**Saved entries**
★ ★ ★ ★ ★ ★ ★
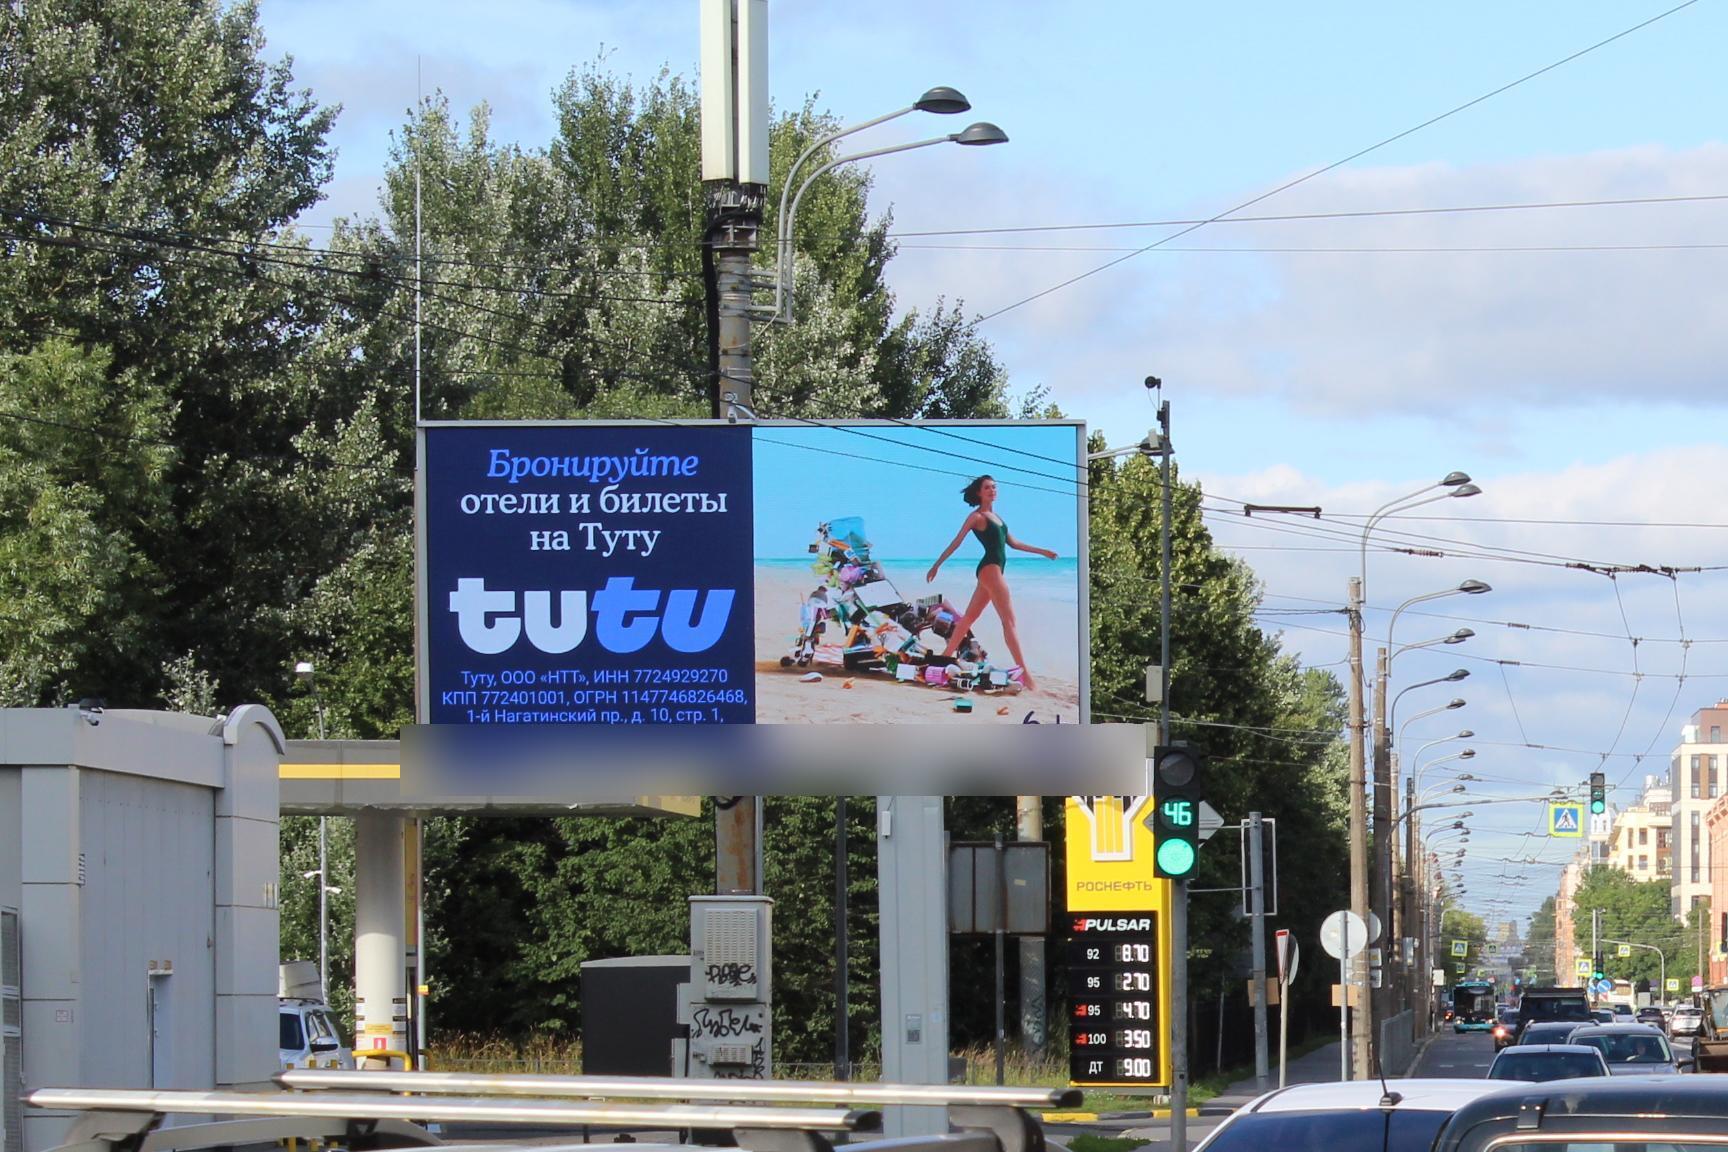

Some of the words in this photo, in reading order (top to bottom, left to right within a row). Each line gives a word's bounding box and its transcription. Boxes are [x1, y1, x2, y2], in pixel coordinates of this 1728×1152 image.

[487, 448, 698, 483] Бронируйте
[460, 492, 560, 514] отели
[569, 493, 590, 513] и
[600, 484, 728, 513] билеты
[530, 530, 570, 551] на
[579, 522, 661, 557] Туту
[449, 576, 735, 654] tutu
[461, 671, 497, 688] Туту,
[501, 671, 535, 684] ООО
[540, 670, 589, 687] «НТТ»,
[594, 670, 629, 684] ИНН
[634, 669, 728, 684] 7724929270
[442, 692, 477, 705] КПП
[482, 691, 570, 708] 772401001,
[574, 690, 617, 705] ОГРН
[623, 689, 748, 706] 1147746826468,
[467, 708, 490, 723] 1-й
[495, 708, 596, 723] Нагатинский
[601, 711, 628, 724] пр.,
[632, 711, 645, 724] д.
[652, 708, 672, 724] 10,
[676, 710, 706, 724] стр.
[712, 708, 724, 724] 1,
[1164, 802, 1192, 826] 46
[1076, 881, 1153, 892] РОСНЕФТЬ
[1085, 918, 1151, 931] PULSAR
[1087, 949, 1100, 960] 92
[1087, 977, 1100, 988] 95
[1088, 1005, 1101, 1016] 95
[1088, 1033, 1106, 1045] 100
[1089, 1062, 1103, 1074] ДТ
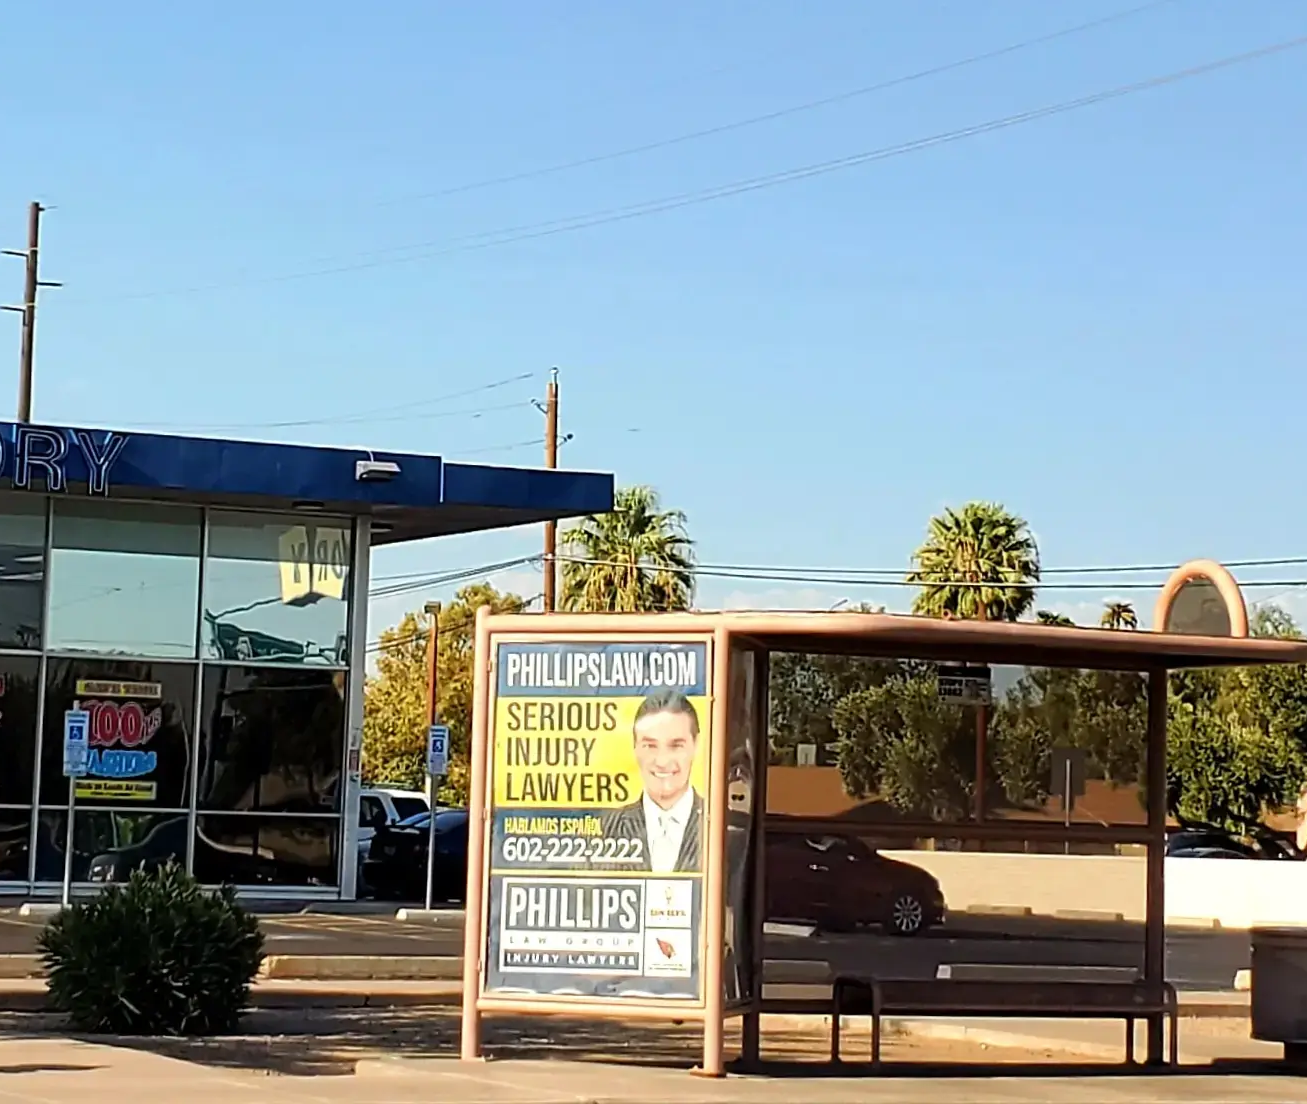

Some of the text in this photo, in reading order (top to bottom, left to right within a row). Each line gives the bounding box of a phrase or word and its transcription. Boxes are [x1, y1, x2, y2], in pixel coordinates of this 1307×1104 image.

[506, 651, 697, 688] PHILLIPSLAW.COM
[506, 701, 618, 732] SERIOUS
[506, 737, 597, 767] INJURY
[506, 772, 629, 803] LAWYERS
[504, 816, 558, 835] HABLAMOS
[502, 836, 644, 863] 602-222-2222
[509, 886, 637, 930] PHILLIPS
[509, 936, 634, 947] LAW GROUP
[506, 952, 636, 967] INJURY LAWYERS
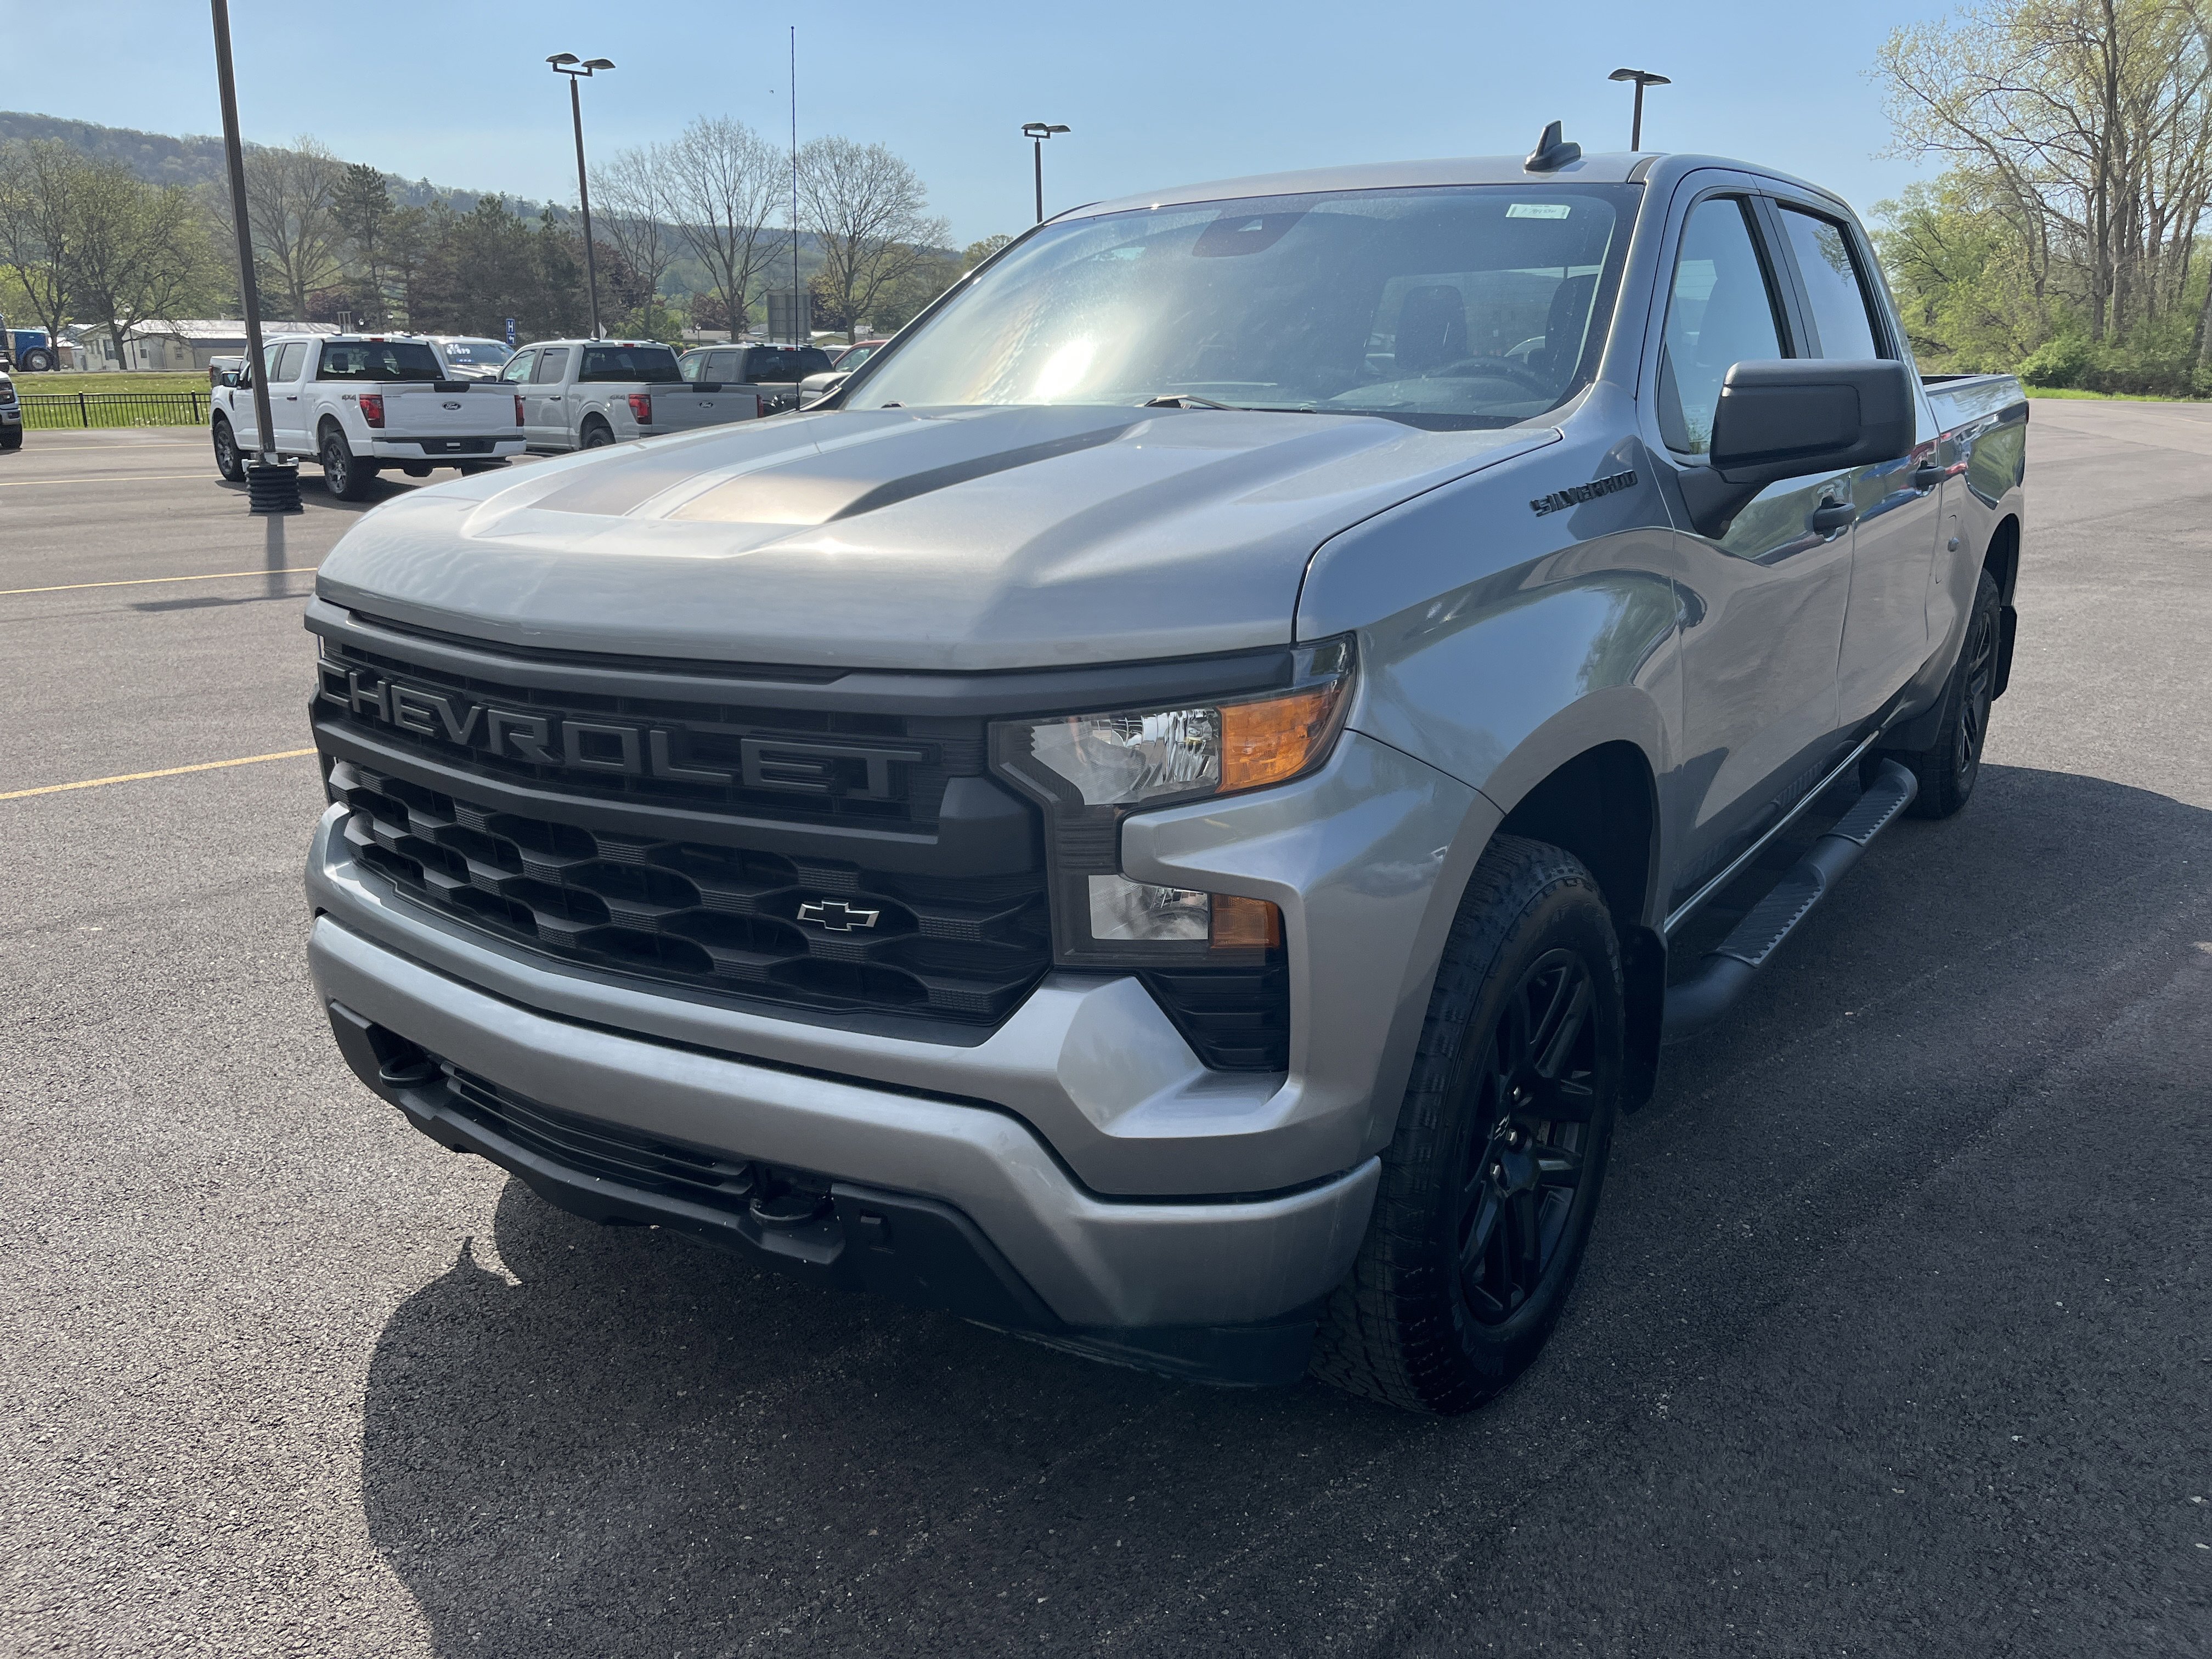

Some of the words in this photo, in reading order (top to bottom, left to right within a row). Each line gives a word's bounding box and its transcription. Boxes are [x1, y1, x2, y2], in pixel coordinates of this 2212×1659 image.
★ ★ ★ ★ ★ ★ ★
**EXERCISE DETAILS**
Exactly as written, set down the lines from the line holding "Some of the text" to the last line of the data, both ends included, pictures excluded.

**OUTPUT OF THE TASK**
Some of the text in this photo, in reading order (top to bottom, left to right within a row). Each line gives the bounding box of a phrase or word and its transcription. Boxes are [x1, y1, x2, y2], in pixel coordinates of this 1307×1104 image.

[506, 651, 697, 688] PHILLIPSLAW.COM
[506, 701, 618, 732] SERIOUS
[506, 737, 597, 767] INJURY
[506, 772, 629, 803] LAWYERS
[504, 816, 558, 835] HABLAMOS
[502, 836, 644, 863] 602-222-2222
[509, 886, 637, 930] PHILLIPS
[509, 936, 634, 947] LAW GROUP
[506, 952, 636, 967] INJURY LAWYERS

Some of the words in this photo, in reading order (top to bottom, left to right within a row). Each line gives a word's bounding box and its transcription. Boxes are [x1, y1, x2, y2], in pixel coordinates of this 2212×1659 image.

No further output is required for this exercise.